图1 优化的UTR改善mRNA表达效率。高斯荧光素酶mRNA使用不同的UTR组合表现出不同的表达水平。在12孔板中接种293T细胞，细胞密度2.3×10⁵ 细胞/孔。每孔转染1 ug mRNA。转染后6 h、24 h、48 h、72 h以及96 h，取20 ul细胞测定高斯荧光素酶活性。

图2 对编码序列进行密码子优化提高了mRNA的体外和体内表达水平。（A）HEK293T细胞中表达HiExpress^TM萤火虫荧光素酶IVT mRNA以及其它版本的荧光素酶mRNA。细胞生长于12孔板，每孔转染0.5 ug mRNA。转染后6 h、24 h、48 h以及72 h测定荧光素酶活性。（B）向C57BL/6成年小鼠肌肉注射30 ug LNP包封的荧光素酶mRNA，注射后6 h、24 h、48 h测定荧光素酶活性。Fluc WT表示野生型荧光素酶mRNA。Fluc WT (co)表示经过密码子优化的荧光素酶mRNA。Fluc2表示luc2荧光素酶mRNA。HiExpress^TM Fluc表示云舟生物HiExpressTM萤火虫荧光素酶IVT mRNA。

图3 polyA长度分析。使用核糖核酸酶将polyA尾巴从mRNA上切割下来，然后进行oligo dT亲和色谱纯化，LS-MS分析核苷酸信息。（A）基于尿素PAGE的polyA大小分析。变性尿素PAGE电泳mRNA酶切后的60 ng 120 nt和150 nt的polyA尾巴。（B）基于LC-MS 的polyA大小分析。120 nt长度的120 p mol polyA分子量的逆卷积质谱结果。（C）期望为120 nt的polyA尾巴长度观测分布。柱状图表明polyA长度的同一性较好。误差线表示3次酶切试验结果的标准偏差。polyA加权平均长度为123 nt。

图4 不同polyA尾巴长度、但是Cap1和UTR相同的IVT EGFP mRNA转染HEK293T细胞。
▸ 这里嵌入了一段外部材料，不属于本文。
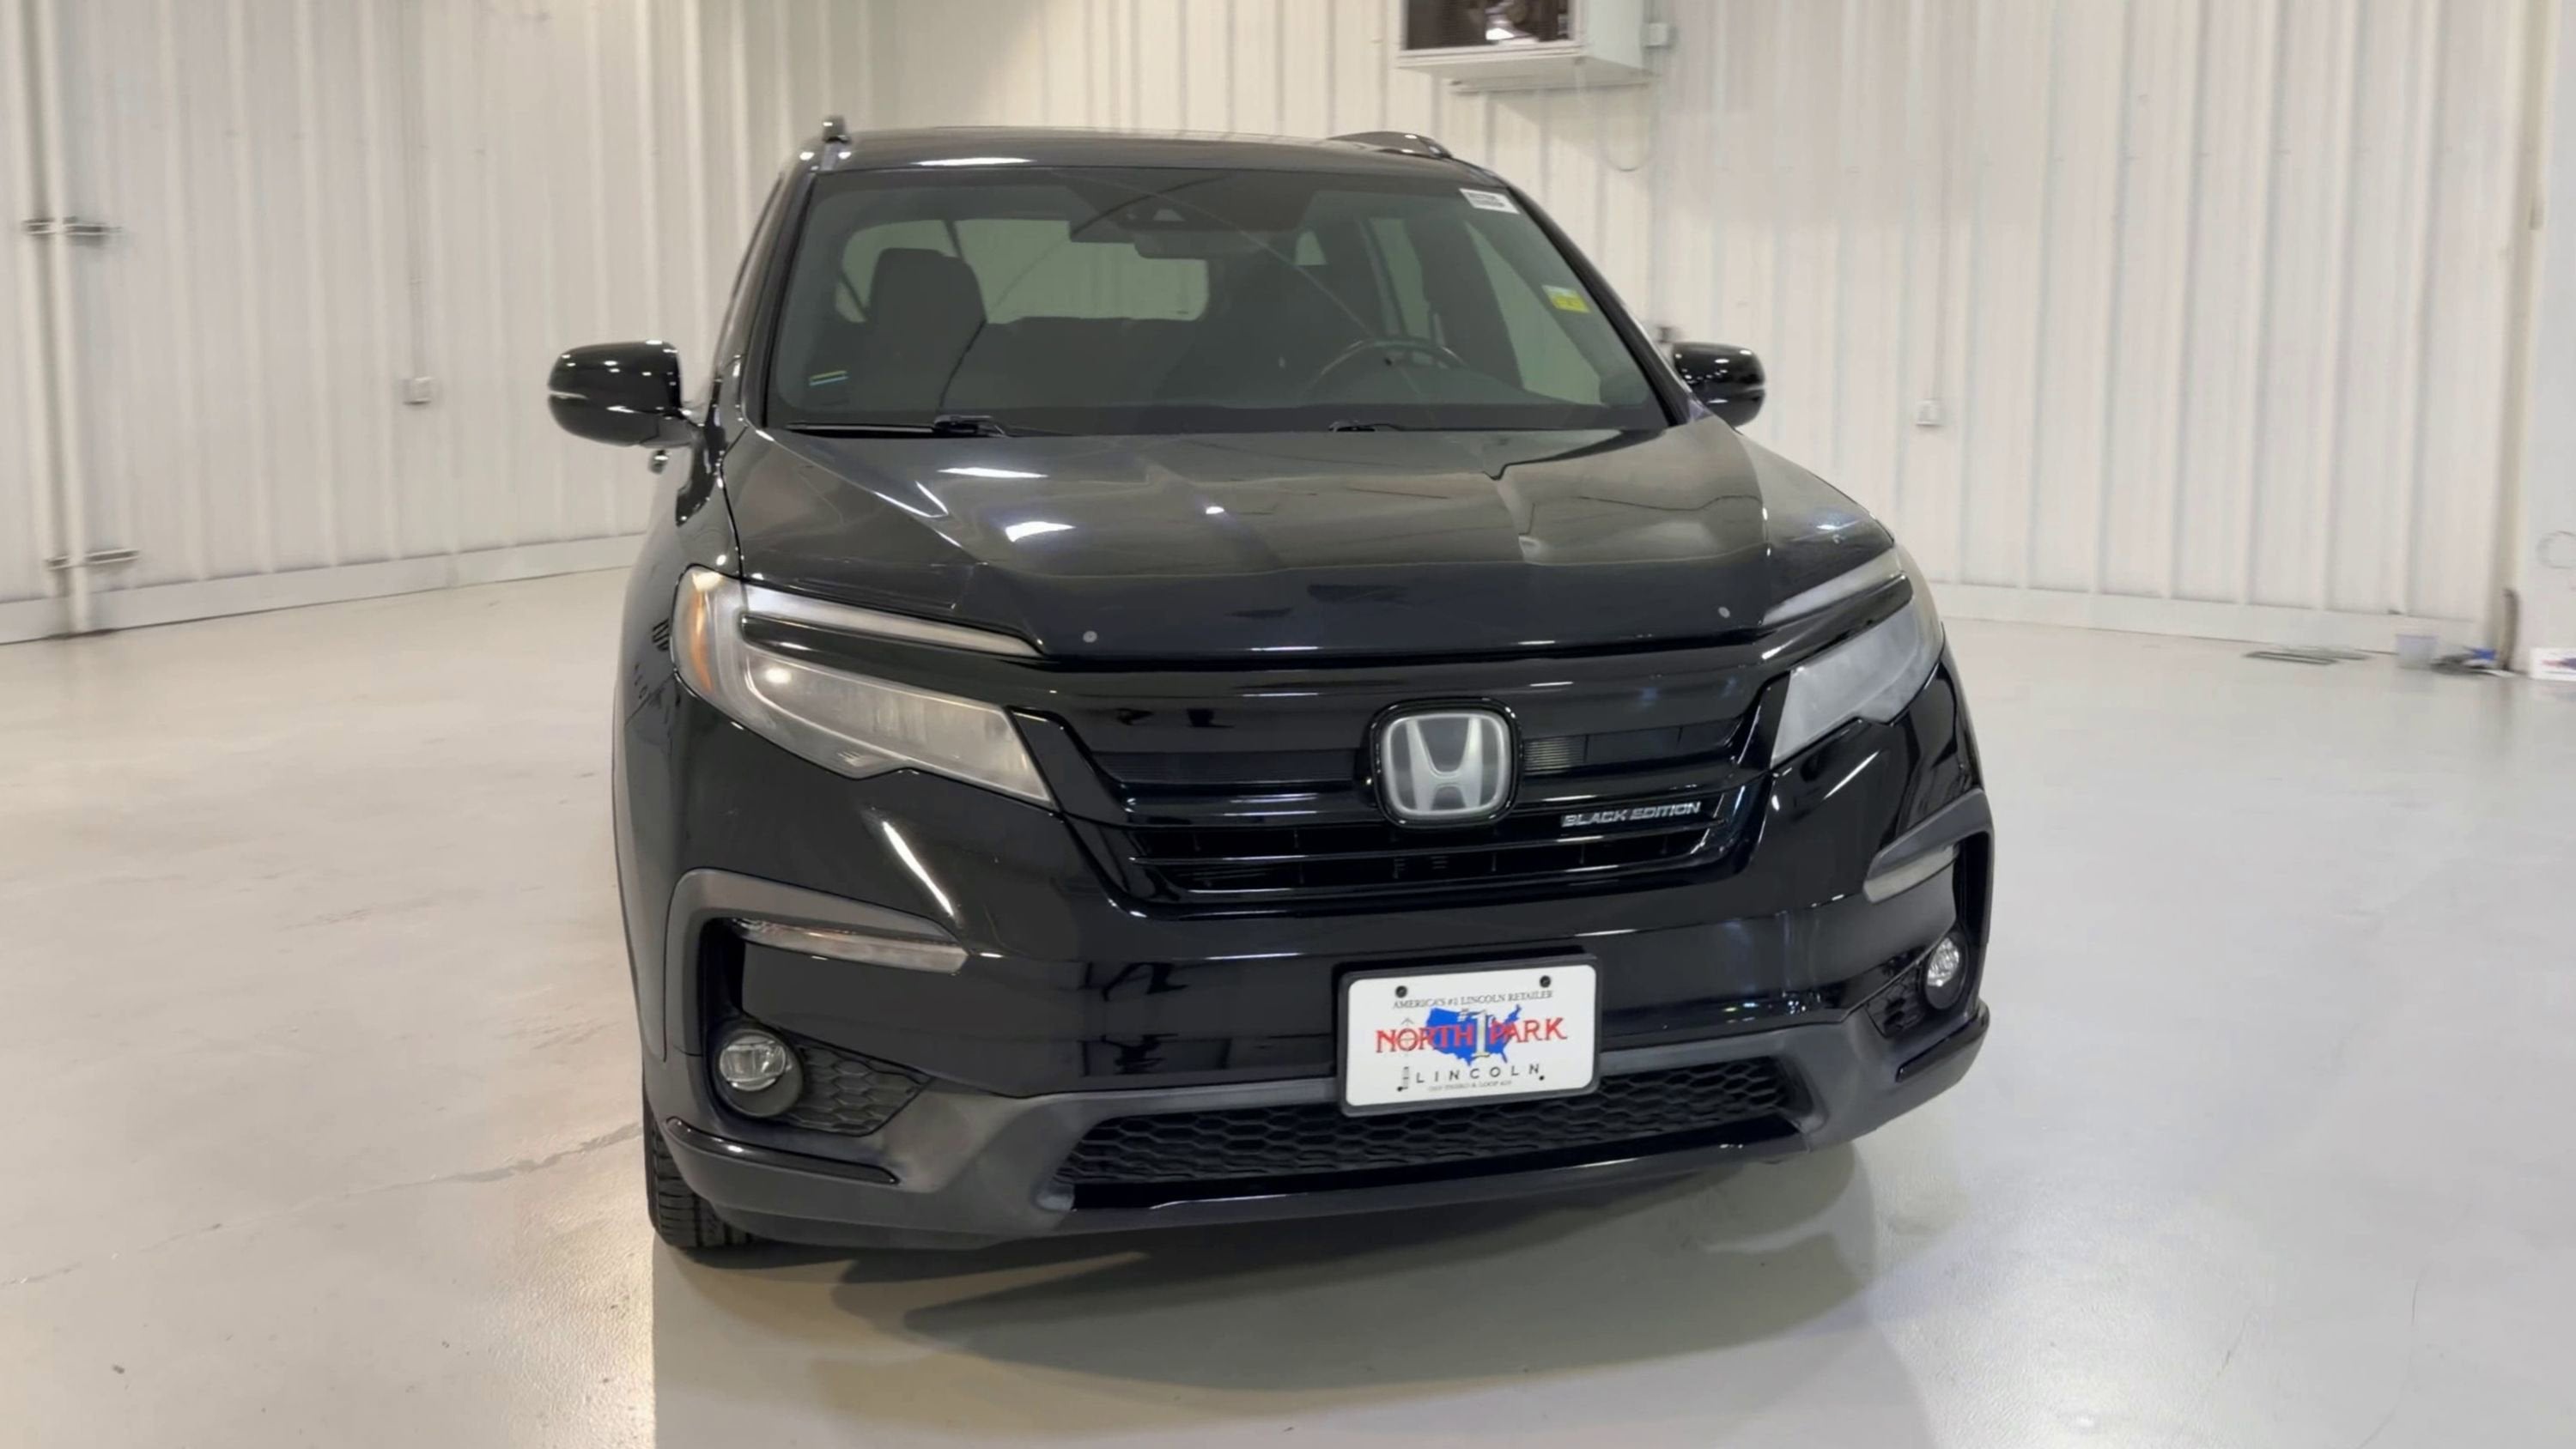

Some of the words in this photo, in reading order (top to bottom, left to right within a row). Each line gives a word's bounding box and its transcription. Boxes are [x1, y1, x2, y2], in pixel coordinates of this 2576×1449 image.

图 5. 完整性良好的长序列IVT mRNA。使用变性凝胶电泳鉴定云舟生物不同批次的IVT mRNA。在不同体外转录条件下均能获得长度 >10,000 nt的序列完整的IVT mRNA。 

图6 基于LC-MS的加帽效率分析。（A）共转录法和（B）酶加法均能实现很高的加帽效率。

图7 修饰的核苷酸增强mRNA表达，同时减少dsRNA产生。（A）293T细胞中表达萤火虫荧光素酶IVT mRNA。使用的mRNA包括无修饰的、N1-甲基假尿苷（N1-methylpseudouridine，m1Ψ）修饰的、5-甲基胞苷（5-methylcytidine，m5C）修饰的，以及m1Ψ/m5C修饰的。细胞生长于12孔板，每孔转染1 ug mRNA。293T细胞转染萤光素酶mRNA后6 h、24 h、48 h的萤光素酶活性。误差线表示标准偏差。平均荧光强度使用带颜色的柱状图表示。(B) 等量修饰的和无修饰的EGFP IVT mRNA（每斑点750 ng）经过磁柱纯化，使用斑点杂交估测dsRNA杂质含量。

残留dsRNA是IVT产物中主要引起免疫反应的杂质。 斑点杂交试验结果表明额外的纯化步骤毒药去除残留dsRNA至关重要。

图8 不同纯化方式的dsRNA去除效率。不同的纯化方式纯化等量的hSpCas9 IVT mRNA（每斑点1500 ng），然后使用斑点杂交估测残留dsRNA。缩写：HIC，Hydrophobic interaction chromatography；IP-RP，Ion-pair reversed-phase liquid chromatography。